Of course, he never did. Yet somehow, that didn't diminish the vague feeling that he might. He was like one of those antiheroes in a TV drama—a Jimmy McNulty or a Tony Soprano, say—who always seem just likable enough that you think they must be about to redeem themselves in some way. But they never do. Still, none of this stopped me from ranking Rubio as better than the rest of his party. I even briefly considered registering as a Republican in 2016 just so I could vote for him in the primaries. This was not because I wanted him or any other Republican to be president (horrors)—it was simply my notion of doing everything in my power to stop Trump from ending up at the top of the ballot.
(I didn't end up doing it, by the way̦—and it clearly would not have changed the outcome anyway, if I had; just as the progressives who crossed party lines to vote for Nikki Haley in the 2024 primaries made no difference either.)
But now all that is gone, utterly gone. What sealed it was Rubio's interview last Wednesday with Spanish-language broadcaster Telemundo. The senator made a point specifically of defending Trump's claim that immigrants are "poisoning the blood" of the nation. Moreover, Rubio didn't even attempt to pull the J.D. Vance move of reinterpreting the comment before endorsing it. Unlike Vance, he did not pretend "Oh, Trump was just talking about fentanyl." Instead, Rubio basically just seems to agree with Trump on the merits. "The country is threatened by this influx of people," said Rubio, "which we now know even includes criminals and terrorists." He backed Trump's mass deportation plan too.

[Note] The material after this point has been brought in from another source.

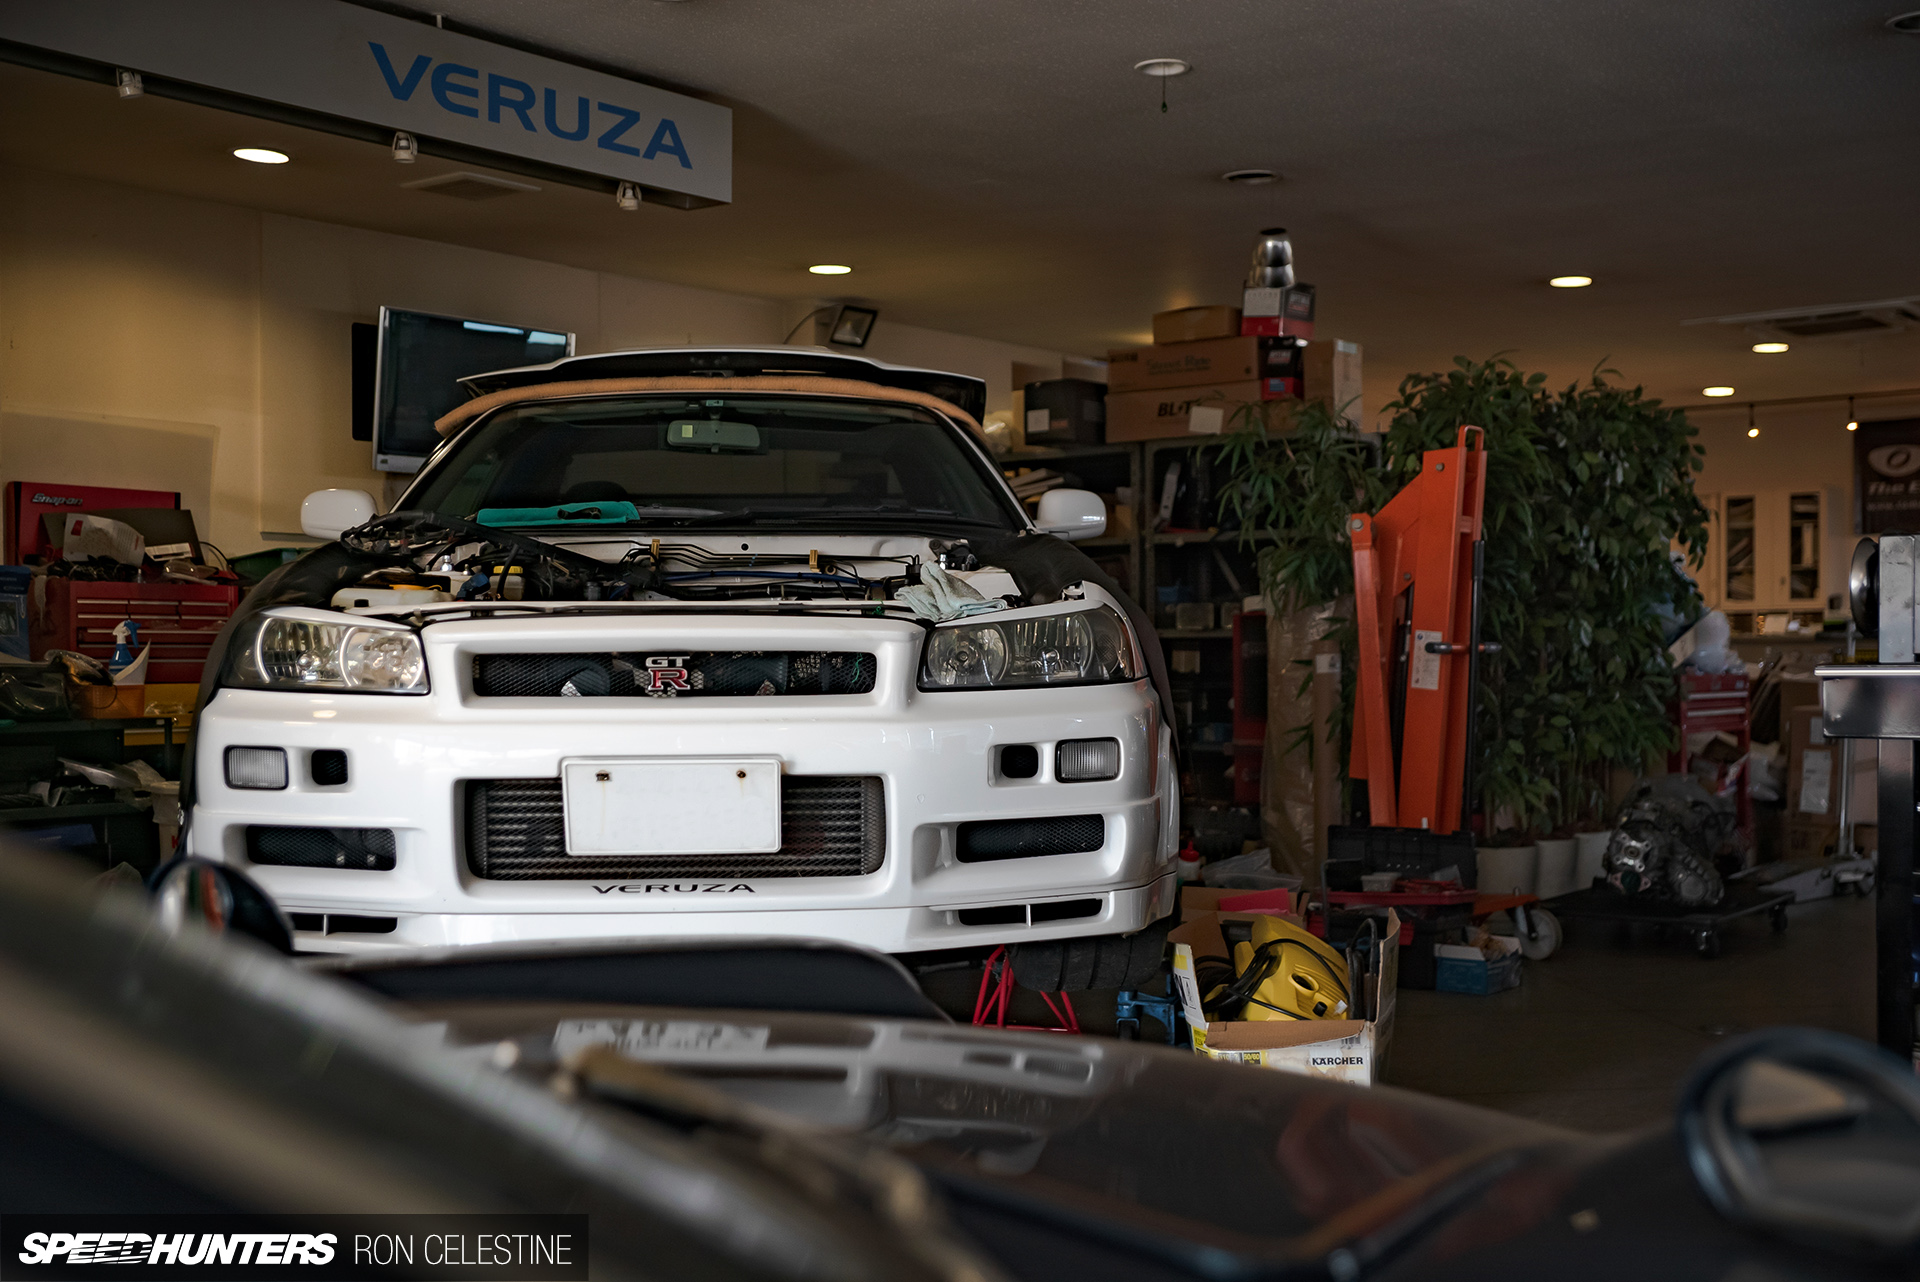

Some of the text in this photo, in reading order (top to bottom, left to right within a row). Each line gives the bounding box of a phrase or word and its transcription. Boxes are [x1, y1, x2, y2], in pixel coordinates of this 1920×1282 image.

A Democratic spokesperson put it well when she observed—of this display: "Marco Rubio is willing to defend him just for the chance to be Trump's running mate [...] Rubio has lost his last shred of dignity[.]" Indeed. It's hard to think of a more abject or debasing spectacle than someone prostituting their conscience in this way for a racist demagogue (one who has, moreover, specifically and repeatedly treated Rubio himself with contempt in the past). Rubio is licking the hand that beats him. And for what? "Just for the chance to be Trump's running mate." Just to play second-fiddle to a man who despises him. "Just for a riband to stick in his coat," as Browning once wrote—of an earlier age's political betrayal.
That's the really pathetic thing—how cheaply he sold himself in the end. It's all just to angle for a shot at a measly runner-up position that Trump might not even grant him in the end. It really is all for love of a riband—less, indeed, than that. When Browning wrote his poem, he evidently had in mind how easily the great poets of an earlier generation—the Wordsworths, the Southeys—had sold their birthright of liberalism for the laurels bestowed by reaction and monarchy. At least they got a "riband," however. Rubio, even if all his plans go right, will be offered at most the glorious privilege of being Donald Trump's Vice President. And maybe he should ask the last one to hold that office how it panned out.